What this exercise requires is a verbatim reproduction of the data below.

————————

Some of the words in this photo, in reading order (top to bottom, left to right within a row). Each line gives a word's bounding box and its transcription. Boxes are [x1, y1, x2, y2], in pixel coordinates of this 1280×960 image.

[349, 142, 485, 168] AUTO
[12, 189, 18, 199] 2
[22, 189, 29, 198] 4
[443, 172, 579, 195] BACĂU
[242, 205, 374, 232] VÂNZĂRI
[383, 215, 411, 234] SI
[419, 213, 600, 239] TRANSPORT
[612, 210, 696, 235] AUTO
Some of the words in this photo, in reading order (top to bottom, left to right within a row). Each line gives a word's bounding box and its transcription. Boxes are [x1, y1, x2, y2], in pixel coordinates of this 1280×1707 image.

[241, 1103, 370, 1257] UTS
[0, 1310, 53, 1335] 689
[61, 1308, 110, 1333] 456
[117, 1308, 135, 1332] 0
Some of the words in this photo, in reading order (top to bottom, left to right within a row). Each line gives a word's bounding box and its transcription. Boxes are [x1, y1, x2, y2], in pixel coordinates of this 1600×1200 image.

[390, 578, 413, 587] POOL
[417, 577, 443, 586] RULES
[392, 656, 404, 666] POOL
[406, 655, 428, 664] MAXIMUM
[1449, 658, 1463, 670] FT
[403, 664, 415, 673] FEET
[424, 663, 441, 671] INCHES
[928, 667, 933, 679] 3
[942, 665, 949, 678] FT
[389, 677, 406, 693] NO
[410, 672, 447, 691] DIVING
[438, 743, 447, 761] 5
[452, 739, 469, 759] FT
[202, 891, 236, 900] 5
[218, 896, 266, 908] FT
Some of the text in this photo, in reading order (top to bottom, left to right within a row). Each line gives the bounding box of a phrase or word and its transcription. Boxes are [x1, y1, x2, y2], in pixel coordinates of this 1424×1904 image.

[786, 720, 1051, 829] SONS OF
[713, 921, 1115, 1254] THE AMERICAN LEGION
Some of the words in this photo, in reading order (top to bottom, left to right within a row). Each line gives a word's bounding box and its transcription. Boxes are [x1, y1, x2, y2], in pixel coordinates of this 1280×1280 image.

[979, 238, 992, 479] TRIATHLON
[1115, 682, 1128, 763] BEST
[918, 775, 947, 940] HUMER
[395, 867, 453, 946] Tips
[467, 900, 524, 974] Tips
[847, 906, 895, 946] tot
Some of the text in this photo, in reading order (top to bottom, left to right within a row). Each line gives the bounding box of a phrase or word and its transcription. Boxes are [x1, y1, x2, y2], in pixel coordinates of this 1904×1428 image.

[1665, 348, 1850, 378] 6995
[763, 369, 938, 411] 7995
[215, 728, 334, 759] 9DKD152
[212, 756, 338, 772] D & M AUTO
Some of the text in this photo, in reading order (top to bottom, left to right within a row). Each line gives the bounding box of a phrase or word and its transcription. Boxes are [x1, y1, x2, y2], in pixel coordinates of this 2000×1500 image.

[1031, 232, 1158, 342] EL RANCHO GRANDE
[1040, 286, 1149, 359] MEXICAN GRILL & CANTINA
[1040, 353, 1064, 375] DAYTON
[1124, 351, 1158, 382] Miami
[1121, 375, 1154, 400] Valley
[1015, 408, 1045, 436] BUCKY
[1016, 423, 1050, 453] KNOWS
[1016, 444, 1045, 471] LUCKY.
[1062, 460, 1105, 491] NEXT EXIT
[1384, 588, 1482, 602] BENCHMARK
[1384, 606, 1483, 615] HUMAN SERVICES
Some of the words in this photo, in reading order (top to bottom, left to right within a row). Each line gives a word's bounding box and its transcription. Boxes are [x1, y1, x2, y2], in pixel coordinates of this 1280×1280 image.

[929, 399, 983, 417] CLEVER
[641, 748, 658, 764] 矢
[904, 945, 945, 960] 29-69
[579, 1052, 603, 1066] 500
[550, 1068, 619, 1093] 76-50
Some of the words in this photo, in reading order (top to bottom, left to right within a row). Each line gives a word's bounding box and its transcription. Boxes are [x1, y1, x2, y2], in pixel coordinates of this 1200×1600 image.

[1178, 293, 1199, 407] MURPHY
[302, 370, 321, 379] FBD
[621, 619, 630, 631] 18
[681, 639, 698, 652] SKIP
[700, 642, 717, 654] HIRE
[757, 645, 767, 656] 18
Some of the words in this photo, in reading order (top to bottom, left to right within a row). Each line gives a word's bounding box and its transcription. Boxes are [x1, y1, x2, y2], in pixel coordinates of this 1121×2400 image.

————————

### RESULT OF THIS EXERCISE
Some of the words in this photo, in reading order (top to bottom, left to right within a row). Each line gives a word's bounding box and its transcription. Boxes are [x1, y1, x2, y2], in pixel coordinates of this 1280×960 image.

[349, 142, 485, 168] AUTO
[12, 189, 18, 199] 2
[22, 189, 29, 198] 4
[443, 172, 579, 195] BACĂU
[242, 205, 374, 232] VÂNZĂRI
[383, 215, 411, 234] SI
[419, 213, 600, 239] TRANSPORT
[612, 210, 696, 235] AUTO
Some of the words in this photo, in reading order (top to bottom, left to right within a row). Each line gives a word's bounding box and its transcription. Boxes are [x1, y1, x2, y2], in pixel coordinates of this 1280×1707 image.

[241, 1103, 370, 1257] UTS
[0, 1310, 53, 1335] 689
[61, 1308, 110, 1333] 456
[117, 1308, 135, 1332] 0
Some of the words in this photo, in reading order (top to bottom, left to right within a row). Each line gives a word's bounding box and its transcription. Boxes are [x1, y1, x2, y2], in pixel coordinates of this 1600×1200 image.

[390, 578, 413, 587] POOL
[417, 577, 443, 586] RULES
[392, 656, 404, 666] POOL
[406, 655, 428, 664] MAXIMUM
[1449, 658, 1463, 670] FT
[403, 664, 415, 673] FEET
[424, 663, 441, 671] INCHES
[928, 667, 933, 679] 3
[942, 665, 949, 678] FT
[389, 677, 406, 693] NO
[410, 672, 447, 691] DIVING
[438, 743, 447, 761] 5
[452, 739, 469, 759] FT
[202, 891, 236, 900] 5
[218, 896, 266, 908] FT
Some of the text in this photo, in reading order (top to bottom, left to right within a row). Each line gives the bounding box of a phrase or word and its transcription. Boxes are [x1, y1, x2, y2], in pixel coordinates of this 1424×1904 image.

[786, 720, 1051, 829] SONS OF
[713, 921, 1115, 1254] THE AMERICAN LEGION
Some of the words in this photo, in reading order (top to bottom, left to right within a row). Each line gives a word's bounding box and its transcription. Boxes are [x1, y1, x2, y2], in pixel coordinates of this 1280×1280 image.

[979, 238, 992, 479] TRIATHLON
[1115, 682, 1128, 763] BEST
[918, 775, 947, 940] HUMER
[395, 867, 453, 946] Tips
[467, 900, 524, 974] Tips
[847, 906, 895, 946] tot
Some of the text in this photo, in reading order (top to bottom, left to right within a row). Each line gives the bounding box of a phrase or word and its transcription. Boxes are [x1, y1, x2, y2], in pixel coordinates of this 1904×1428 image.

[1665, 348, 1850, 378] 6995
[763, 369, 938, 411] 7995
[215, 728, 334, 759] 9DKD152
[212, 756, 338, 772] D & M AUTO
Some of the text in this photo, in reading order (top to bottom, left to right within a row). Each line gives the bounding box of a phrase or word and its transcription. Boxes are [x1, y1, x2, y2], in pixel coordinates of this 2000×1500 image.

[1031, 232, 1158, 342] EL RANCHO GRANDE
[1040, 286, 1149, 359] MEXICAN GRILL & CANTINA
[1040, 353, 1064, 375] DAYTON
[1124, 351, 1158, 382] Miami
[1121, 375, 1154, 400] Valley
[1015, 408, 1045, 436] BUCKY
[1016, 423, 1050, 453] KNOWS
[1016, 444, 1045, 471] LUCKY.
[1062, 460, 1105, 491] NEXT EXIT
[1384, 588, 1482, 602] BENCHMARK
[1384, 606, 1483, 615] HUMAN SERVICES
Some of the words in this photo, in reading order (top to bottom, left to right within a row). Each line gives a word's bounding box and its transcription. Boxes are [x1, y1, x2, y2], in pixel coordinates of this 1280×1280 image.

[929, 399, 983, 417] CLEVER
[641, 748, 658, 764] 矢
[904, 945, 945, 960] 29-69
[579, 1052, 603, 1066] 500
[550, 1068, 619, 1093] 76-50
Some of the words in this photo, in reading order (top to bottom, left to right within a row). Each line gives a word's bounding box and its transcription. Boxes are [x1, y1, x2, y2], in pixel coordinates of this 1200×1600 image.

[1178, 293, 1199, 407] MURPHY
[302, 370, 321, 379] FBD
[621, 619, 630, 631] 18
[681, 639, 698, 652] SKIP
[700, 642, 717, 654] HIRE
[757, 645, 767, 656] 18
Some of the words in this photo, in reading order (top to bottom, left to right within a row). Each line gives a word's bounding box and its transcription. Boxes are [x1, y1, x2, y2], in pixel coordinates of this 1121×2400 image.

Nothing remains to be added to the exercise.